TASK TO COMPLETE:
What is needed is a verbatim copy of every record below, with the pictures left out.

MATERIAL SUPPLIED:
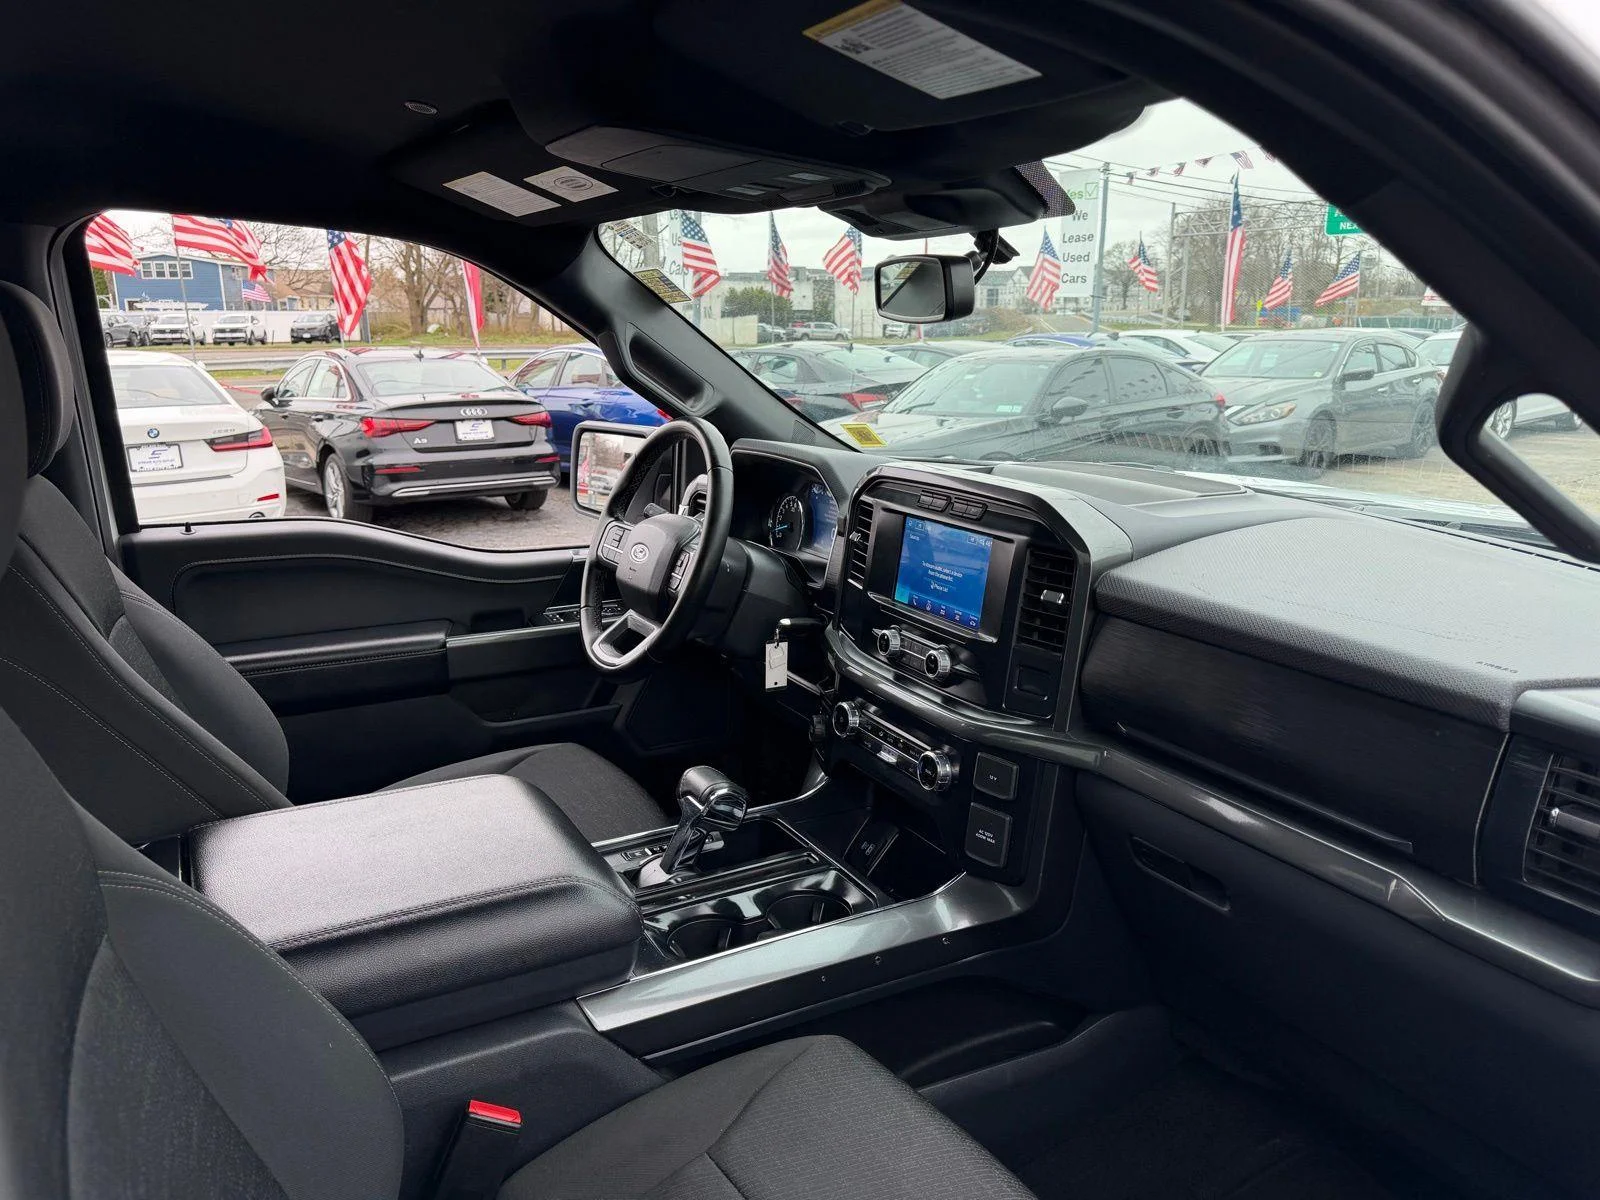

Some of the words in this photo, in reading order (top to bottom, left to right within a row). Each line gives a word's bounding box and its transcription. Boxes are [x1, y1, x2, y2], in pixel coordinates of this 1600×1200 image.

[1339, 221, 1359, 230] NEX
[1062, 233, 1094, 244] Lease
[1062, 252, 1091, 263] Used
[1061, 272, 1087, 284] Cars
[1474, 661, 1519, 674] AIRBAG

SOLVED EXERCISE:
Some of the words in this photo, in reading order (top to bottom, left to right within a row). Each line gives a word's bounding box and its transcription. Boxes are [x1, y1, x2, y2], in pixel coordinates of this 1600×1200 image.

[1339, 221, 1359, 230] NEX
[1062, 233, 1094, 244] Lease
[1062, 252, 1091, 263] Used
[1061, 272, 1087, 284] Cars
[1474, 661, 1519, 674] AIRBAG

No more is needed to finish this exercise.